At a May 12 Oak Park Elementary School District 97 board meeting, multiple parents and a clinician asked the board to reconsider routine classroom iPad use and to address what they described as systemic failures in special education.
Stephanie (parent and educator) told the board she is "deeply concerned about the role screens are playing in our children's education," citing recent professional practice that favors handwritten notes for retention and urging the district to disclose the research and monitoring it uses to justify heavy iPad use. "What research and data are being used to justify maintaining such a large role for iPads in elementary education?" she asked.
Diana Curtis Harour, who identified herself as a parent and clinician specializing in trauma and ADHD, described prolonged struggles to obtain legally required special-education supports for her children. She said she has filed two ISB complaints and an Office for Civil Rights complaint with the U.S. Department of Education, and accused the district of operating through "gatekeeping, bureaucratic exhaustion, poor communication, and barriers that force families to fight relentlessly for even the most basic educational access." "Stop managing legal liability and start protecting our children," she told the board.
Parent Megan Jackson recounted a safety incident involving her son at Irving Elementary that she said was not documented and resulted in her child leaving the school within weeks. Jackson also urged the board to preserve device access for students who need iPads as accommodations, arguing that requiring a diagnosed label to keep a device forces vulnerable students to be visible in ways that can be stigmatizing. She acknowledged a recent district response called "Screen Sense," noting staff acted quickly on that plan, but asked the board to extend the same urgency to nonverbal and neurodivergent children who rely on devices.
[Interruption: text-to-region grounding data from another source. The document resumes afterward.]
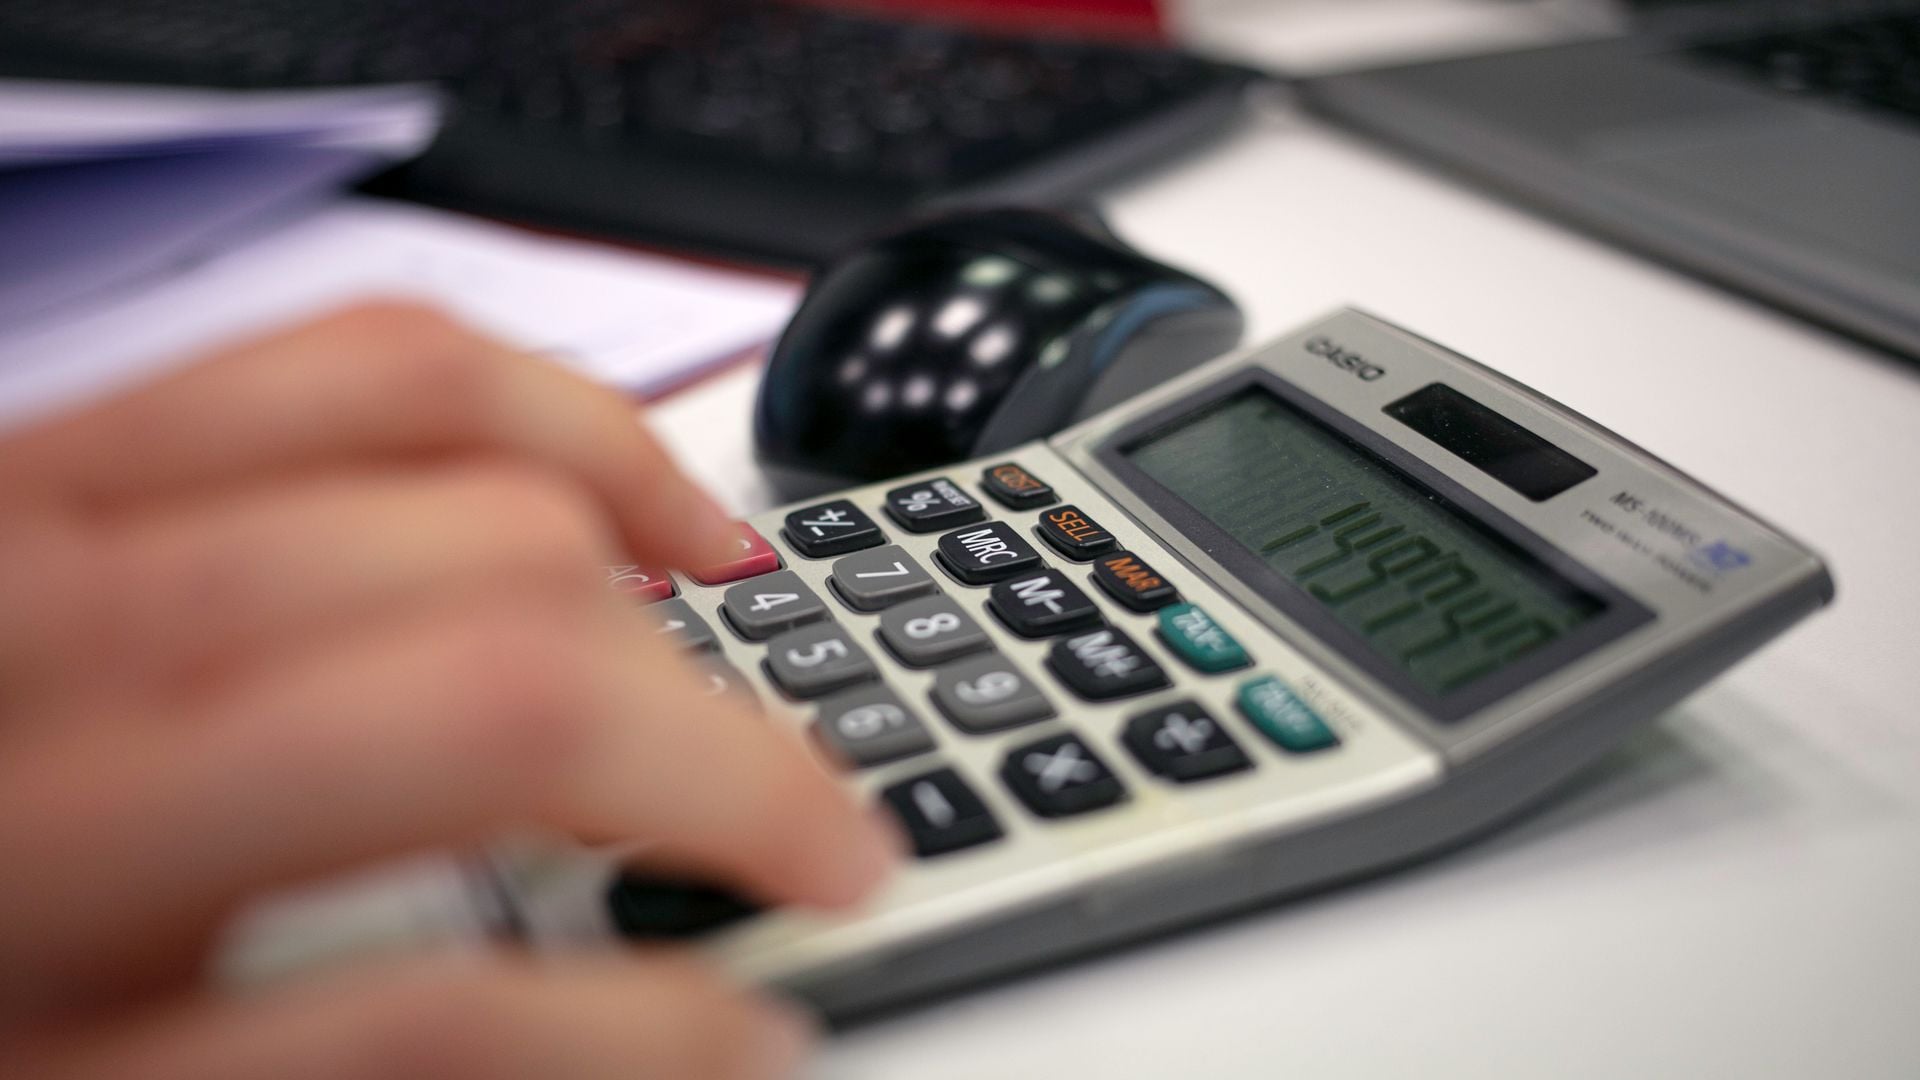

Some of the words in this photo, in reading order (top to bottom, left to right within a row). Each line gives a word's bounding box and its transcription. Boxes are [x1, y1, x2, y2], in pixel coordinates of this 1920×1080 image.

[1304, 337, 1385, 382] CASIO
[993, 465, 1042, 491] COST
[899, 491, 941, 512] %
[1050, 511, 1099, 542] SELL
[957, 529, 1018, 564] MRC
[856, 562, 910, 578] 7
[1104, 556, 1161, 592] MAR
[750, 593, 800, 612] 4
[1010, 576, 1065, 614] M-
[904, 613, 961, 639] 8
[787, 639, 849, 668] 5
[955, 671, 1021, 704] 9
[837, 703, 906, 740] 6
Board members did not engage in an extended back-and-forth during the public-comment period; staff later noted that the district had produced a technology plan and materials for review and will present related budget items and policy updates at upcoming meetings. Several speakers asked for classroom-walkthrough data and for clarity on how funds for technology professional development are being used.
Why it matters: Parents and clinicians framed these concerns as matters of instructional quality, equity and legal compliance. They requested data review, classroom monitoring, and clearer policies to ensure devices are used as instructional tools and as accommodations when required.
Next steps: The board is scheduled to consider related policy and budget items on June 9, including an item described in the meeting as a technology-plan budget addition and the consolidated district plan required for federal Title funding. The transcript indicates parents expect memos and walkthrough data to be circulated ahead of that meeting.